[Saved data entries]
•••

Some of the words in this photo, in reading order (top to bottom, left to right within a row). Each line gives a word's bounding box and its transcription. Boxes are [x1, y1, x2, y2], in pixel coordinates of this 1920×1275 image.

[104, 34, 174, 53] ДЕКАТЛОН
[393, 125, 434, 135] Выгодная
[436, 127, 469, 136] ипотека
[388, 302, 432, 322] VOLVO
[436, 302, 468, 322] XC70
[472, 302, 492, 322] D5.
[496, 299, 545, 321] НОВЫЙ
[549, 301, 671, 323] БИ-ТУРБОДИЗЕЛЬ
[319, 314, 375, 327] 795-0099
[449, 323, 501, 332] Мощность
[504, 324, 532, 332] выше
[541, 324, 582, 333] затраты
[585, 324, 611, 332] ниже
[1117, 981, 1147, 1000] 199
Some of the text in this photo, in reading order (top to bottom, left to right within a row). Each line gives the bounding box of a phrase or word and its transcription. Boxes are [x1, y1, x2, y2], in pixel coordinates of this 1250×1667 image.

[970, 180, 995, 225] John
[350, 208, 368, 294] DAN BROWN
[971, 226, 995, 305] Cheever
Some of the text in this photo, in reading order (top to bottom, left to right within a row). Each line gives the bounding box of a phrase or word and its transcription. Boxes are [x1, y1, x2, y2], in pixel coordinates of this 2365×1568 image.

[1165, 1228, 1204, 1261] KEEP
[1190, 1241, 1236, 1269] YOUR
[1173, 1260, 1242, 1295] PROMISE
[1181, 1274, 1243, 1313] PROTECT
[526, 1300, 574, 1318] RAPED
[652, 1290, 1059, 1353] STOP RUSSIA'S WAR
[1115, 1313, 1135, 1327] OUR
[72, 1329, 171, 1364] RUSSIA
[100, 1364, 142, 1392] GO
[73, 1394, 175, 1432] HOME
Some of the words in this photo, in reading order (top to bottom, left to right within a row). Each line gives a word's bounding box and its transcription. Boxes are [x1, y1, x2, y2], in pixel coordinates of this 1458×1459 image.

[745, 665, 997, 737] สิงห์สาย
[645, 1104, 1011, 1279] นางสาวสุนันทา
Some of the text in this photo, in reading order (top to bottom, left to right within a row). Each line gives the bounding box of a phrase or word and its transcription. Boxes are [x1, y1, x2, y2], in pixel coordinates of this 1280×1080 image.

•••

What is needed is an exact copy of all the entries.

Some of the words in this photo, in reading order (top to bottom, left to right within a row). Each line gives a word's bounding box and its transcription. Boxes are [x1, y1, x2, y2], in pixel coordinates of this 1920×1275 image.

[104, 34, 174, 53] ДЕКАТЛОН
[393, 125, 434, 135] Выгодная
[436, 127, 469, 136] ипотека
[388, 302, 432, 322] VOLVO
[436, 302, 468, 322] XC70
[472, 302, 492, 322] D5.
[496, 299, 545, 321] НОВЫЙ
[549, 301, 671, 323] БИ-ТУРБОДИЗЕЛЬ
[319, 314, 375, 327] 795-0099
[449, 323, 501, 332] Мощность
[504, 324, 532, 332] выше
[541, 324, 582, 333] затраты
[585, 324, 611, 332] ниже
[1117, 981, 1147, 1000] 199
Some of the text in this photo, in reading order (top to bottom, left to right within a row). Each line gives the bounding box of a phrase or word and its transcription. Boxes are [x1, y1, x2, y2], in pixel coordinates of this 1250×1667 image.

[970, 180, 995, 225] John
[350, 208, 368, 294] DAN BROWN
[971, 226, 995, 305] Cheever
Some of the text in this photo, in reading order (top to bottom, left to right within a row). Each line gives the bounding box of a phrase or word and its transcription. Boxes are [x1, y1, x2, y2], in pixel coordinates of this 2365×1568 image.

[1165, 1228, 1204, 1261] KEEP
[1190, 1241, 1236, 1269] YOUR
[1173, 1260, 1242, 1295] PROMISE
[1181, 1274, 1243, 1313] PROTECT
[526, 1300, 574, 1318] RAPED
[652, 1290, 1059, 1353] STOP RUSSIA'S WAR
[1115, 1313, 1135, 1327] OUR
[72, 1329, 171, 1364] RUSSIA
[100, 1364, 142, 1392] GO
[73, 1394, 175, 1432] HOME
Some of the words in this photo, in reading order (top to bottom, left to right within a row). Each line gives a word's bounding box and its transcription. Boxes are [x1, y1, x2, y2], in pixel coordinates of this 1458×1459 image.

[745, 665, 997, 737] สิงห์สาย
[645, 1104, 1011, 1279] นางสาวสุนันทา
Some of the text in this photo, in reading order (top to bottom, left to right within a row). Each line gives the bounding box of a phrase or word and its transcription. Boxes are [x1, y1, x2, y2], in pixel coordinates of this 1280×1080 image.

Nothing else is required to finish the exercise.